= Mendelssohn is on the Roof =

1959 novel by Jiří Weil

Mendelssohn Is on the Roof is a novel by Jiří Weil written in 1959 and first translated into English by Marie Winn in 1991. The book took 15 years to write. It is an exploration of the many forms of corruption in Nazi-occupied Czechoslovakia and embeds historical events, such as the assassination of Reinhard Heydrich in Prague in 1942, among fictional stories concerning the Holocaust, Nazi careerism and the rise of Nazism.

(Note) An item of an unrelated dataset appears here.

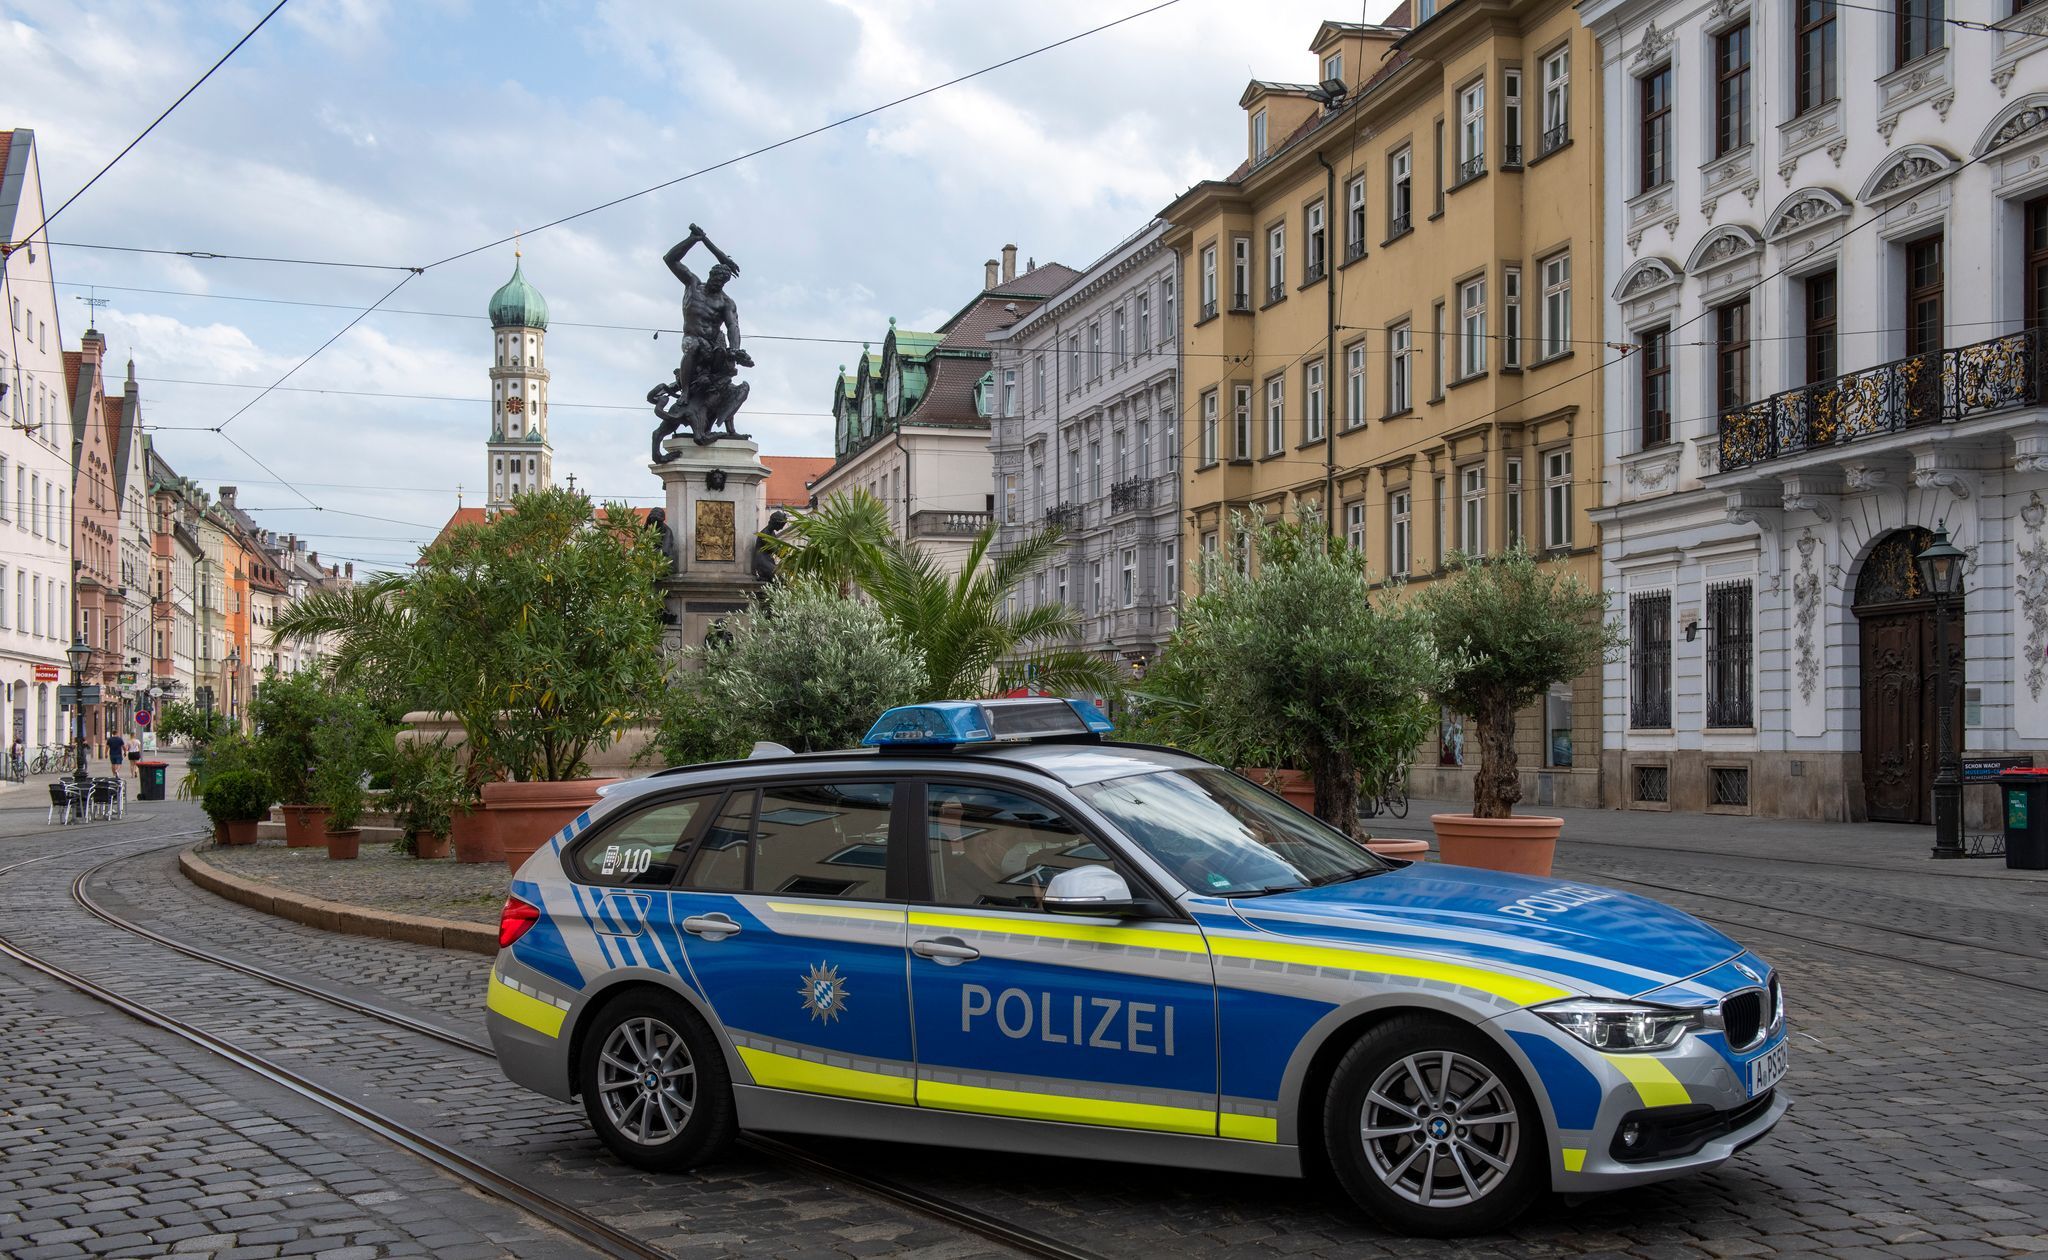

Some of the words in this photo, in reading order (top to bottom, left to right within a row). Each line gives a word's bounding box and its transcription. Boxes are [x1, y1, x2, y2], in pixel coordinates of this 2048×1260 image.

It is set in Nazi-occupied Czechoslovakia during World War II. The book starts with a story about some municipal workmen who are tasked to remove a statue of the Jewish composer Felix Mendelssohn from the roof of the Prague Academy of Music. The book continues with a collection of interlinked stories about Jewish life in Czechoslovakia during the war, including a tale similar to Anne Frank's. The stories of most of the characters end unhappily, with the exception of Richard Reisinger (effectively the protagonist) whose fate we do not explicitly or implicitly learn.

The English translation of the novel was originally published in 1992 by HarperCollins in the U.K. and Penguin Books in the U.S. It was reprinted in 2011 by Daunt Books with a foreword by Philip Roth which was originally written for and accompanies the translation of Weil's novel Life with a Star.